The open-source nature of RISC-V has opened up SoC design to start-ups such as Kendryte, e-fabless and low RISC, but more mainstream chip vendors are also using the technology.

Above: The E300 series of open-source 32-bit microcontrollers using the RISC-V ISA

Microsemi has produced some development boards for SiFive, while NXP has its own RISC-V chip. Andes Technology and Greenwave have also developed ICs around the ISA. Faraday Technology has used the ISA for an ASIC platform for the design and mass production of next-generation edge AI and IoT SoCs. It brings together the RISC-V core IP integration and SoC design verification, as well as a full-featured reference design kit consisting of real-time operating system (RTOS) and peripherals drivers, all on a 55nm process for battery-powered edge devices. This highlights how the hardware manufacturers can differentiate around a standard ISA.

Faraday has included dynamic voltage and frequency scaling (DVFS), power mode switching and fast system wake-up in the platform, but can safely include the software libraries and drivers to ensure the chips work seamlessly for specific interfacing, sensing and power-management functions.

RISC-V ISA can also be used with a wide range of tools. Microsemi has used the ISA across its FPGAs with a range of embedded operating systems such as Express Logic’s ThreadX, Huawei LiteOS and Micrium µC/OS-II. Boards include the RTG4 development kit, the PolarFire evaluation kit, etc. Debug dongles from Microsemi and Olimex, first-stage bootloaders and multiple soft peripherals are also included. Examples of drivers, firmware and projects are available on GitHub.

Another tool company benefiting from its stability is UltraSoC, which develops hardware that can be embedded in a SoC to monitor activity. This can be used for debugging the chip more effectively and even used in the field for monitoring. It has been working with Andes on integrating the monitoring hardware into the high-end AndesCore processor IP, and into an AI “supercomputer-on-a-chip” from Esperanto Technologies that uses thousands of RISC-V cores.

RISC-V challenges

Though considerable headway has already been made in relation to RISC-V’s development and proliferation, there are obstacles ahead. Researchers at Princeton University have uncovered a number of flaws in the RISC-V open-source processor core that they believe to be significant. They found more than 100 errors involving incorrect ordering of the storage and retrieval of information from memory in variations of the RISC-V processor architecture that, if uncorrected, could cause issues in software running on RISC-V chips.

The RISC-V Foundation said the errors would not affect most versions of RISC-V, but might have been more problematic for higher-performance systems.
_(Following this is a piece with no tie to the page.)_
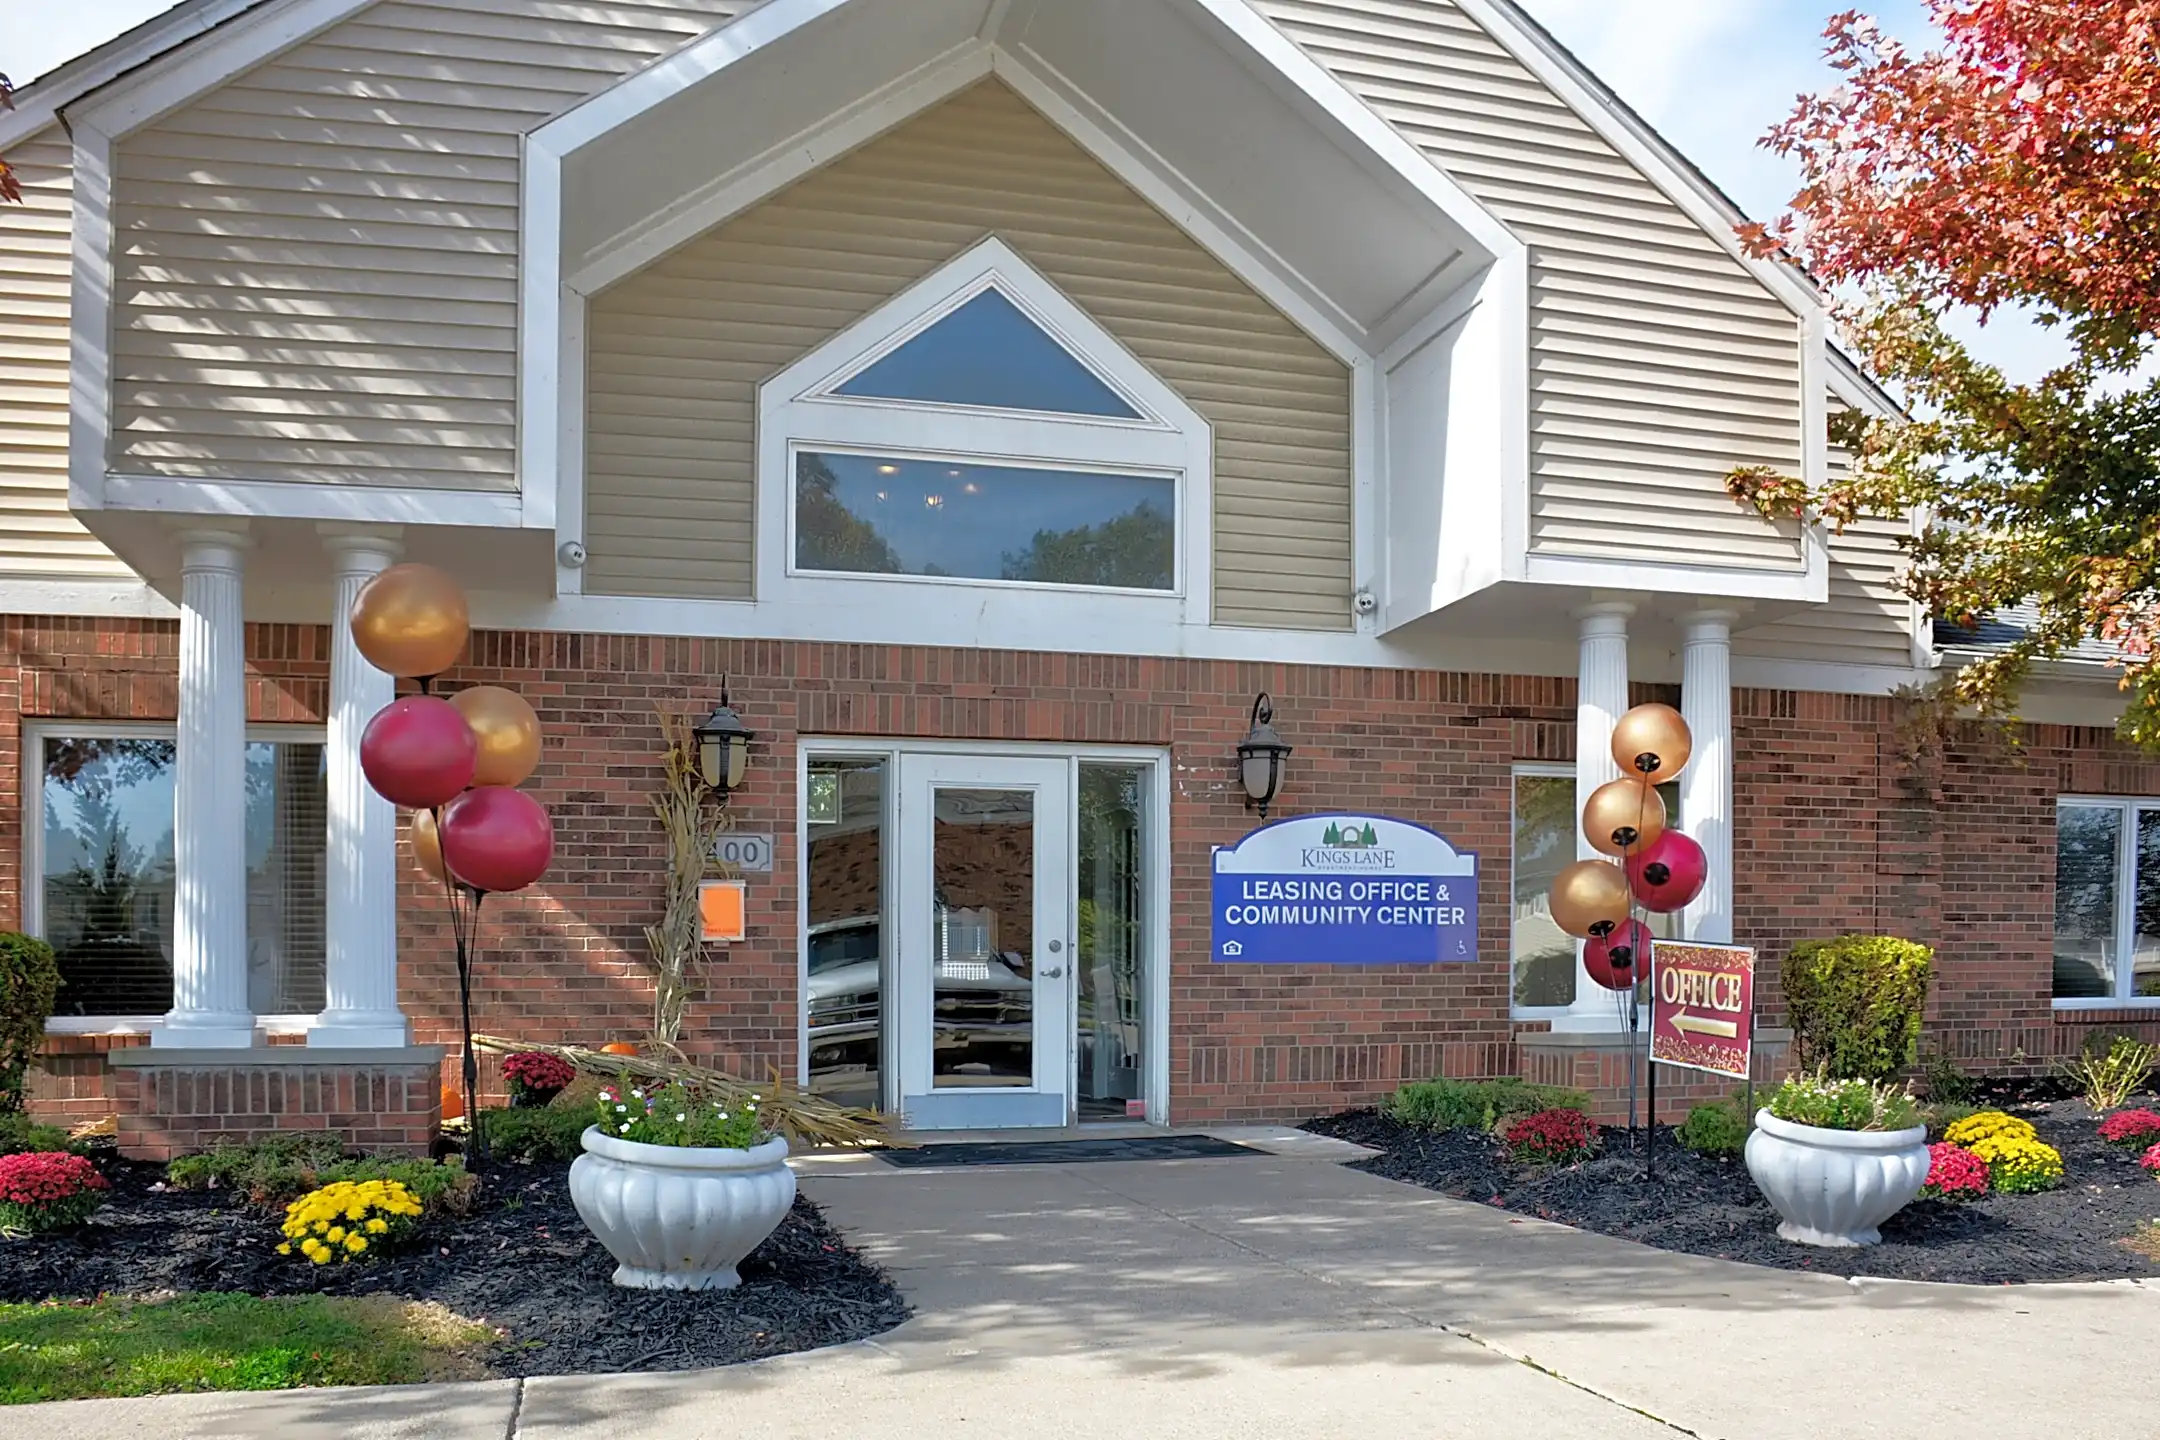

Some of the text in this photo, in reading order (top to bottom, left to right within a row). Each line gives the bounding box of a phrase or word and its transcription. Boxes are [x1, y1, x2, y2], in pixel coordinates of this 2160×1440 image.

With a common, frozen ISA across 32-bit, 64-bit and even 128-bit (when they emerge) address spaces, core developers can focus on the particular processor implementations, whether for research projects, IoT nodes or a supercomputer-on-a-chip. All these use the same compilers, the same development tools and the same debug tools, minimising fragmentation and allowing companies to keep pushing performance benchmarks rather than worrying about maintenance of multiple software products for multiple cores – and all, of course, with an open-source ethos that allows improvements to be fed back into the industry.

Extensions allow for differentiation and optimisation, particularly with regard to security, without compromising the stability of the tool ecosystem.

In this way, RISC-V allows hardware developers to focus on innovation, driven by the software needs to meet the cost, power, security and performance requirements of end users.